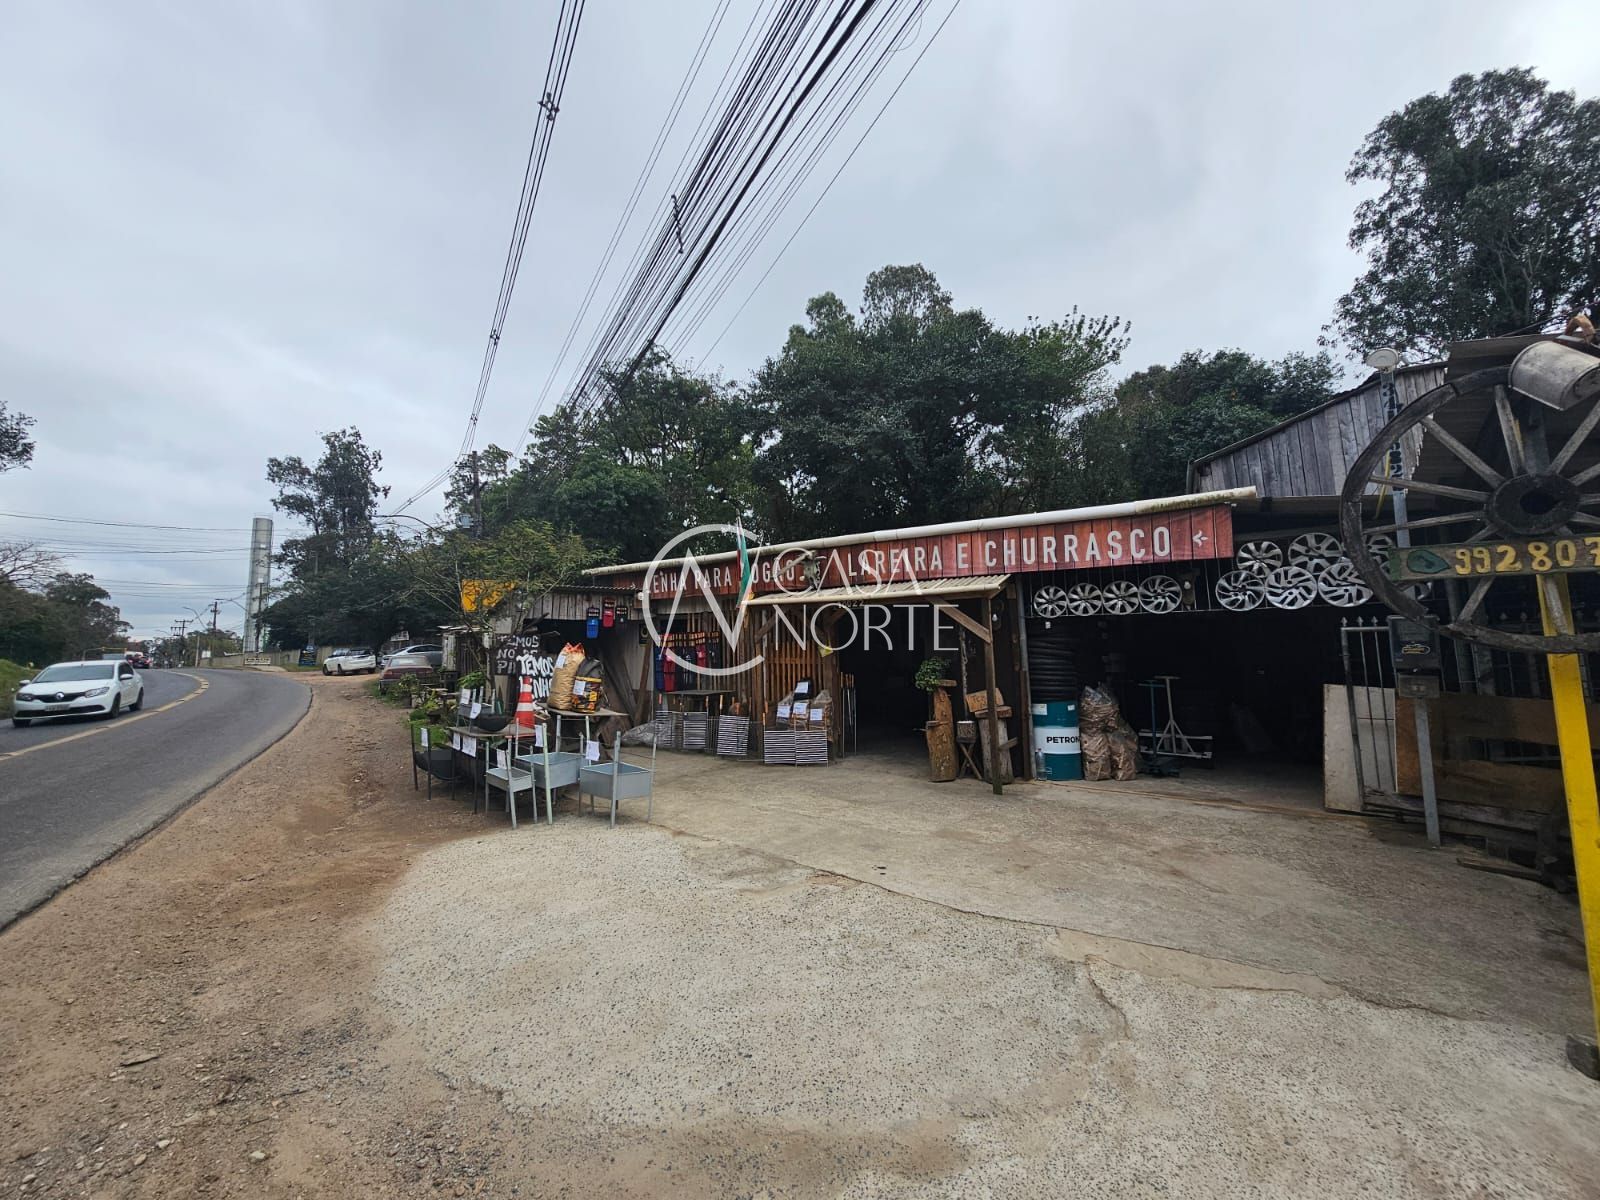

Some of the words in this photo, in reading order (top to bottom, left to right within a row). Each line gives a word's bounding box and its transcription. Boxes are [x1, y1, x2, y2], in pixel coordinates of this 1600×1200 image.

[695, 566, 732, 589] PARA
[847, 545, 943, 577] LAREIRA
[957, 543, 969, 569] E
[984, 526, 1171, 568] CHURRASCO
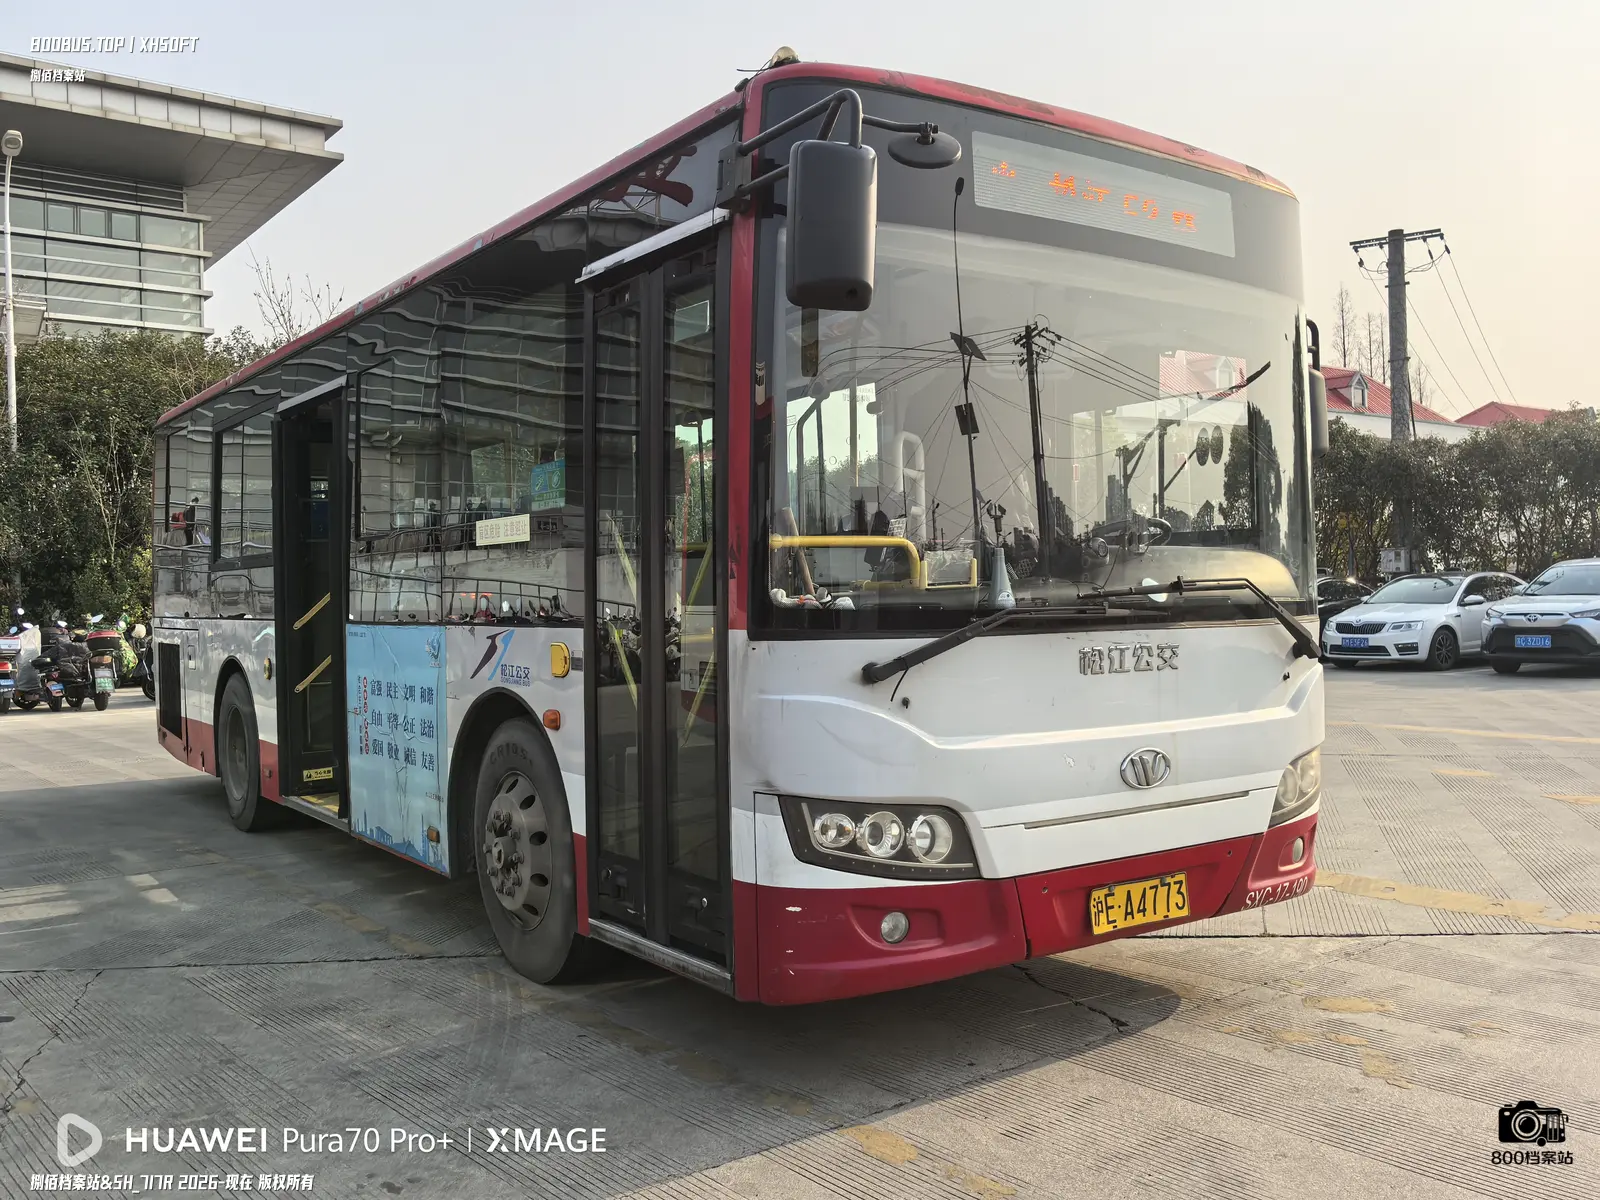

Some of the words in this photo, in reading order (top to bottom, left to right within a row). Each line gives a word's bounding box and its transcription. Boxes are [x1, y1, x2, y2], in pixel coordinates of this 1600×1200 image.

PROBLEM REQUIREMENTS
Leave the pictures behind and repeat each entry exactly.

THE ANSWER
Some of the words in this photo, in reading order (top to bottom, left to right within a row). Each line gives a word's bounding box and its transcription. Boxes are [x1, y1, x2, y2], in pixel coordinates of this 1600×1200 image.

[695, 566, 732, 589] PARA
[847, 545, 943, 577] LAREIRA
[957, 543, 969, 569] E
[984, 526, 1171, 568] CHURRASCO

Some of the words in this photo, in reading order (top to bottom, left to right within a row). Each line gives a word's bounding box and its transcription. Boxes are [x1, y1, x2, y2], in pixel coordinates of this 1600×1200 image.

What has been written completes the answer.